(Beginning of SOURCE MATERIAL)
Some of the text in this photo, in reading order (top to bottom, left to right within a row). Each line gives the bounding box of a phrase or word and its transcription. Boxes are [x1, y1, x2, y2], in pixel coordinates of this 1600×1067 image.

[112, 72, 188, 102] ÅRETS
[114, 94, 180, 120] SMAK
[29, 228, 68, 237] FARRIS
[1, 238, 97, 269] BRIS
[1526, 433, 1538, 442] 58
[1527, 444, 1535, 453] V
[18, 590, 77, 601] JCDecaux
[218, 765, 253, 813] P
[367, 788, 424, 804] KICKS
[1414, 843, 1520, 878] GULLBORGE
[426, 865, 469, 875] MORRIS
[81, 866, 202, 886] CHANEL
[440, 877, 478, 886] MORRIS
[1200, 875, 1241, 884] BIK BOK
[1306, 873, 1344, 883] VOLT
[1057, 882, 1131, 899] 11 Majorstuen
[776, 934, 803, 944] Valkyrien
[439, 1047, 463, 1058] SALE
(End of SOURCE MATERIAL)
## WHAT THIS TASK INVOLVES:
What you return must match the listing exactly, line for line.

## RESULT OF THE TASK:
Some of the text in this photo, in reading order (top to bottom, left to right within a row). Each line gives the bounding box of a phrase or word and its transcription. Boxes are [x1, y1, x2, y2], in pixel coordinates of this 1600×1067 image.

[112, 72, 188, 102] ÅRETS
[114, 94, 180, 120] SMAK
[29, 228, 68, 237] FARRIS
[1, 238, 97, 269] BRIS
[1526, 433, 1538, 442] 58
[1527, 444, 1535, 453] V
[18, 590, 77, 601] JCDecaux
[218, 765, 253, 813] P
[367, 788, 424, 804] KICKS
[1414, 843, 1520, 878] GULLBORGE
[426, 865, 469, 875] MORRIS
[81, 866, 202, 886] CHANEL
[440, 877, 478, 886] MORRIS
[1200, 875, 1241, 884] BIK BOK
[1306, 873, 1344, 883] VOLT
[1057, 882, 1131, 899] 11 Majorstuen
[776, 934, 803, 944] Valkyrien
[439, 1047, 463, 1058] SALE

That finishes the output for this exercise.